(DATASET ENTRIES Opens)

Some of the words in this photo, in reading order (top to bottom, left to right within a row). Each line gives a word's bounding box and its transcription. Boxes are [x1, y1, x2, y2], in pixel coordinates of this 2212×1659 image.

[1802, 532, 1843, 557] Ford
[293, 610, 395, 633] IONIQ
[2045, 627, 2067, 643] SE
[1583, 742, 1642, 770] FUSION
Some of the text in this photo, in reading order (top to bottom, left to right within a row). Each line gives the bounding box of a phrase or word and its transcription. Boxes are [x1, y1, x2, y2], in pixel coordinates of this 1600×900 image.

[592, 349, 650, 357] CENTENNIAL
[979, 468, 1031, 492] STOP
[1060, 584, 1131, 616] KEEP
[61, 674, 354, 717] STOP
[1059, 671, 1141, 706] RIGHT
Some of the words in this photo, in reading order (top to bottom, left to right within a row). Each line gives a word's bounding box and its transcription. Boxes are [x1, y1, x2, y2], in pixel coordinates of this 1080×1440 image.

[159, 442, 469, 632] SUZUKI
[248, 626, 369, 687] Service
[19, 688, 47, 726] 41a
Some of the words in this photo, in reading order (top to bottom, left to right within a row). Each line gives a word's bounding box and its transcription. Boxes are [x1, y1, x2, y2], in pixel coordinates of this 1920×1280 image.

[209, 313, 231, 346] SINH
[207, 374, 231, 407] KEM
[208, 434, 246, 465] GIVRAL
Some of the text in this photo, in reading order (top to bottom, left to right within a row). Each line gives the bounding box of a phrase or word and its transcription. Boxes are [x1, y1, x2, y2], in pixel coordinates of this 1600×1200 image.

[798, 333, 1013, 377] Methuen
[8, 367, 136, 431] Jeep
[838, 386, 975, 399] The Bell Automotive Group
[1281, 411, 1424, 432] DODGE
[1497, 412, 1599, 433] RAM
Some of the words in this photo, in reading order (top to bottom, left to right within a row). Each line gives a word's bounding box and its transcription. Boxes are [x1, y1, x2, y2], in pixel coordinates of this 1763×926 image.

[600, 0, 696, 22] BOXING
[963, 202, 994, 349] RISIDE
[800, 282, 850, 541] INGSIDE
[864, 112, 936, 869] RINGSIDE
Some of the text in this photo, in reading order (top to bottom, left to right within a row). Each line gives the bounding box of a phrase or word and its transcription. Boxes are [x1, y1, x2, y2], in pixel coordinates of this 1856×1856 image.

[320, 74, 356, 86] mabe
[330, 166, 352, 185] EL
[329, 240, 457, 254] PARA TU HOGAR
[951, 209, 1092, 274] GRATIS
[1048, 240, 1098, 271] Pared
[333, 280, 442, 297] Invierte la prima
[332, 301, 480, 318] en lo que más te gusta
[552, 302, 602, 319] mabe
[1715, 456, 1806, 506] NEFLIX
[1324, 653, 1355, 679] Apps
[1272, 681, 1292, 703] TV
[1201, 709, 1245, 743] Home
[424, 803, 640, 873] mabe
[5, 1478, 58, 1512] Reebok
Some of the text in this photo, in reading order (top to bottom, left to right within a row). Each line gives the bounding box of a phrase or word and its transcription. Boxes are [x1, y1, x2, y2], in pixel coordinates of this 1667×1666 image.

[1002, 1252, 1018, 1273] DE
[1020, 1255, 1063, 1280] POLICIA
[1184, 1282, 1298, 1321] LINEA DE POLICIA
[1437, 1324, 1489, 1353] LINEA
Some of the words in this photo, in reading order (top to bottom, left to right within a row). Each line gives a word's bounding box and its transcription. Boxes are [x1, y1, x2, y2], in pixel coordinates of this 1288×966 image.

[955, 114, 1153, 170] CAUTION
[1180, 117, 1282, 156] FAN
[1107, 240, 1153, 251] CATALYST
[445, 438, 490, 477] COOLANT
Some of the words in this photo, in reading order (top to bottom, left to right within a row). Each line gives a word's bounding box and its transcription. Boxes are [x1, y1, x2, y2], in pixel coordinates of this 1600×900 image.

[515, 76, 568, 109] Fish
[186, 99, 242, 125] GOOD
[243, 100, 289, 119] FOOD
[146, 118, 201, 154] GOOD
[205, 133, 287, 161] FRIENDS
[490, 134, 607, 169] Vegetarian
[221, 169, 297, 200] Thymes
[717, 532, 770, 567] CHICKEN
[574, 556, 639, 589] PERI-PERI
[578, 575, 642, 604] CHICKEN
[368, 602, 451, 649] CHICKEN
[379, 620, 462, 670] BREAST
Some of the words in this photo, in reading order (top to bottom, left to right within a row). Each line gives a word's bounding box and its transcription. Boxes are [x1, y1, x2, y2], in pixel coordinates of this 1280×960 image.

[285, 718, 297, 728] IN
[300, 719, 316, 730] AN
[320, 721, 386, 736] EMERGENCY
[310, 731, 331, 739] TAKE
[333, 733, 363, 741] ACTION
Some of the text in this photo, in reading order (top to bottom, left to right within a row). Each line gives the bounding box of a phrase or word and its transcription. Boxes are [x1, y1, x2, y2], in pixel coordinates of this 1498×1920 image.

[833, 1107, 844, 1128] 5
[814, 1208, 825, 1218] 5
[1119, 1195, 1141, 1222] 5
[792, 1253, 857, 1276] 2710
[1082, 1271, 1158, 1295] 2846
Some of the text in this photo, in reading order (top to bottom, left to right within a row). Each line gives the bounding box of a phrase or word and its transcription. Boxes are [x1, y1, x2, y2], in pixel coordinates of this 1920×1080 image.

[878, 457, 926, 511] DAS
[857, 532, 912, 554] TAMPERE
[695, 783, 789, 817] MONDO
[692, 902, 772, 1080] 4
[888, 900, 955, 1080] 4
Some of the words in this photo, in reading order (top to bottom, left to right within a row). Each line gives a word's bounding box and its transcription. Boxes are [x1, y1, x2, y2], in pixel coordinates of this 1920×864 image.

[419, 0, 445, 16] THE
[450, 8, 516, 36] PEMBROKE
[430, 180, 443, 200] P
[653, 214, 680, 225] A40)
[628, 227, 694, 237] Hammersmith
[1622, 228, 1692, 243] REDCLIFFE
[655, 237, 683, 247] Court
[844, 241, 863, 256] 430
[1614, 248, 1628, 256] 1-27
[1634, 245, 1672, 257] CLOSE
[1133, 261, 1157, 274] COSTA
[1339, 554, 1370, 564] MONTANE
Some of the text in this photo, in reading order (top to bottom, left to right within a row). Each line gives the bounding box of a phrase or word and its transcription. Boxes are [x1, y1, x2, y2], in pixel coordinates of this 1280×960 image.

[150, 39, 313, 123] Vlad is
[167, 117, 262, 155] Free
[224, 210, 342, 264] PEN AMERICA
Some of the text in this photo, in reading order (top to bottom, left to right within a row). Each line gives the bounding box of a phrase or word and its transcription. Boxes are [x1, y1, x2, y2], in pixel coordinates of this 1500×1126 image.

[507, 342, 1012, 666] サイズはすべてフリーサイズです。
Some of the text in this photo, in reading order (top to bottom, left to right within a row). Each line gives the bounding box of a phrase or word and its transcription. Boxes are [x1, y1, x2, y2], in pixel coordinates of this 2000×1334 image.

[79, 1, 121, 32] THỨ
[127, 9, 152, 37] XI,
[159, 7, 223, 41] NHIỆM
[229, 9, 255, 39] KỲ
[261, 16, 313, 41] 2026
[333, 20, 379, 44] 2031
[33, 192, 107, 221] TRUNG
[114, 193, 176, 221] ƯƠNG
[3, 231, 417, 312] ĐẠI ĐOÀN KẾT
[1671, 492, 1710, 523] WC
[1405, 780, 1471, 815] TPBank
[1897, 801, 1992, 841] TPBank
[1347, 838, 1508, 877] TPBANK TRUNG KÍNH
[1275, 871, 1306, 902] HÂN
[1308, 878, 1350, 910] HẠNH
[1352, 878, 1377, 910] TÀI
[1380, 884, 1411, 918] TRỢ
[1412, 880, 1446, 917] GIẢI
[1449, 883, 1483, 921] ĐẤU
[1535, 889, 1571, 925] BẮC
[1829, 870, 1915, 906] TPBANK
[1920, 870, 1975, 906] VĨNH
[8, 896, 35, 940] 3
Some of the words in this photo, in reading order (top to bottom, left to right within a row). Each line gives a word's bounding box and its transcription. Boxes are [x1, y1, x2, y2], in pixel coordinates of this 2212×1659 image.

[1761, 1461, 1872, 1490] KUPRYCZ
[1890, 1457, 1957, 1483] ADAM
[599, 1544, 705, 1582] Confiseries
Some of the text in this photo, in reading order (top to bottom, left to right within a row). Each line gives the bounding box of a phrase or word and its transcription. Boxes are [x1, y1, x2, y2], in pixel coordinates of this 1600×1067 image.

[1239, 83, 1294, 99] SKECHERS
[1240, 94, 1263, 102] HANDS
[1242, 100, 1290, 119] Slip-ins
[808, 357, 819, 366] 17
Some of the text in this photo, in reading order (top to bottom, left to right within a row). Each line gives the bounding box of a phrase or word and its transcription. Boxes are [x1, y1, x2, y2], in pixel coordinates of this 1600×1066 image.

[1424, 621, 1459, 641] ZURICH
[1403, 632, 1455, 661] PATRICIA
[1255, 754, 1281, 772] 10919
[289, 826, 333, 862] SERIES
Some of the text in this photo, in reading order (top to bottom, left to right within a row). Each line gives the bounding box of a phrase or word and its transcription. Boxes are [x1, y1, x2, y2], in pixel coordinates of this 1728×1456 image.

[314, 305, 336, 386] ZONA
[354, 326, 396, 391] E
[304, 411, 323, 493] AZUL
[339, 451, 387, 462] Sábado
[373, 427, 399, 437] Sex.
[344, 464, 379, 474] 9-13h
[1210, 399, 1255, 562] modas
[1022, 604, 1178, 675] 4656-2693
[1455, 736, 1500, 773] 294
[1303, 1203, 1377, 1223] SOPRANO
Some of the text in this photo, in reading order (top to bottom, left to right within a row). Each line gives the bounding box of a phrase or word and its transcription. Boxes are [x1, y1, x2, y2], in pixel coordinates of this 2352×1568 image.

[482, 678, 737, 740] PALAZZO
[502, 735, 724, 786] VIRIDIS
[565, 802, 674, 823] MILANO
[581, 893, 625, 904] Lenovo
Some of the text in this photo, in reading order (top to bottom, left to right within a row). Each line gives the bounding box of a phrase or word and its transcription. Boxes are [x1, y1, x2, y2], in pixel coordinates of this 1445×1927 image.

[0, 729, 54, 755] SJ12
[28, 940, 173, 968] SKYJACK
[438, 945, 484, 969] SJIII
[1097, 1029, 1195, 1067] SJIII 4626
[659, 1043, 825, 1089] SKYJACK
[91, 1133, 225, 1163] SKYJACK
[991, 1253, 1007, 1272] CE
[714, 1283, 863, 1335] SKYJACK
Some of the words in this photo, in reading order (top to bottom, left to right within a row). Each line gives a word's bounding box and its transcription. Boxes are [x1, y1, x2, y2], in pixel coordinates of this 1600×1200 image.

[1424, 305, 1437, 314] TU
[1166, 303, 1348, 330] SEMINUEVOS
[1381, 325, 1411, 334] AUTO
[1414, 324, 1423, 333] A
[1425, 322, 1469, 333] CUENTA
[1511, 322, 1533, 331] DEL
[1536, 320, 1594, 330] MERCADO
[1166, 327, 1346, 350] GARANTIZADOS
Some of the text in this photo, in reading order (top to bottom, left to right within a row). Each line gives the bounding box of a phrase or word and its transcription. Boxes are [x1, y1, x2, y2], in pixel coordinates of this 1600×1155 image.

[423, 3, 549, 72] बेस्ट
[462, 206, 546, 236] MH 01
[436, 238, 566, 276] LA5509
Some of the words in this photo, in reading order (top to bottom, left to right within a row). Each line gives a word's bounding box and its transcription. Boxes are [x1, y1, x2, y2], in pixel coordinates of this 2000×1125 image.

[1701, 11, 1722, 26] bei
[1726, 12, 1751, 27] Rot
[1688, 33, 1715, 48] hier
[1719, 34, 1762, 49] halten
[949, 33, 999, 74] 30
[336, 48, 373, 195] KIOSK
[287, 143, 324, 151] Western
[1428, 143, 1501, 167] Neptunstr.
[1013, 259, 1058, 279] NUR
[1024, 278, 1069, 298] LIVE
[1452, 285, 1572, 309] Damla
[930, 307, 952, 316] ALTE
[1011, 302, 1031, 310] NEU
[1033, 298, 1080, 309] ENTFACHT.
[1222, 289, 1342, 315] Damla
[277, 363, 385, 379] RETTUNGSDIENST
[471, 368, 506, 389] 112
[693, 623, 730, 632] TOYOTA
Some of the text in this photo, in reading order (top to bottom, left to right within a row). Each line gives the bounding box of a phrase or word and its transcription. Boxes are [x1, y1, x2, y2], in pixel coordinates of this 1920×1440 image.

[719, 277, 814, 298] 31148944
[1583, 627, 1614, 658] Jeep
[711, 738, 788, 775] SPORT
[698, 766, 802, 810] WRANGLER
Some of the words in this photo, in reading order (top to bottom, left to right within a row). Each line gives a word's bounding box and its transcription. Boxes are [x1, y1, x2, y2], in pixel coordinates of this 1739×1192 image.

(DATASET ENTRIES Closes)

### WORK TASK:
Reproduce each line, exactly as it appears, from the one that contains "this 2000×1125 image." through the last line of the records. Add no other lines.

### TASK SOLUTION:
Some of the words in this photo, in reading order (top to bottom, left to right within a row). Each line gives a word's bounding box and its transcription. Boxes are [x1, y1, x2, y2], in pixel coordinates of this 2000×1125 image.

[1701, 11, 1722, 26] bei
[1726, 12, 1751, 27] Rot
[1688, 33, 1715, 48] hier
[1719, 34, 1762, 49] halten
[949, 33, 999, 74] 30
[336, 48, 373, 195] KIOSK
[287, 143, 324, 151] Western
[1428, 143, 1501, 167] Neptunstr.
[1013, 259, 1058, 279] NUR
[1024, 278, 1069, 298] LIVE
[1452, 285, 1572, 309] Damla
[930, 307, 952, 316] ALTE
[1011, 302, 1031, 310] NEU
[1033, 298, 1080, 309] ENTFACHT.
[1222, 289, 1342, 315] Damla
[277, 363, 385, 379] RETTUNGSDIENST
[471, 368, 506, 389] 112
[693, 623, 730, 632] TOYOTA
Some of the text in this photo, in reading order (top to bottom, left to right within a row). Each line gives the bounding box of a phrase or word and its transcription. Boxes are [x1, y1, x2, y2], in pixel coordinates of this 1920×1440 image.

[719, 277, 814, 298] 31148944
[1583, 627, 1614, 658] Jeep
[711, 738, 788, 775] SPORT
[698, 766, 802, 810] WRANGLER
Some of the words in this photo, in reading order (top to bottom, left to right within a row). Each line gives a word's bounding box and its transcription. Boxes are [x1, y1, x2, y2], in pixel coordinates of this 1739×1192 image.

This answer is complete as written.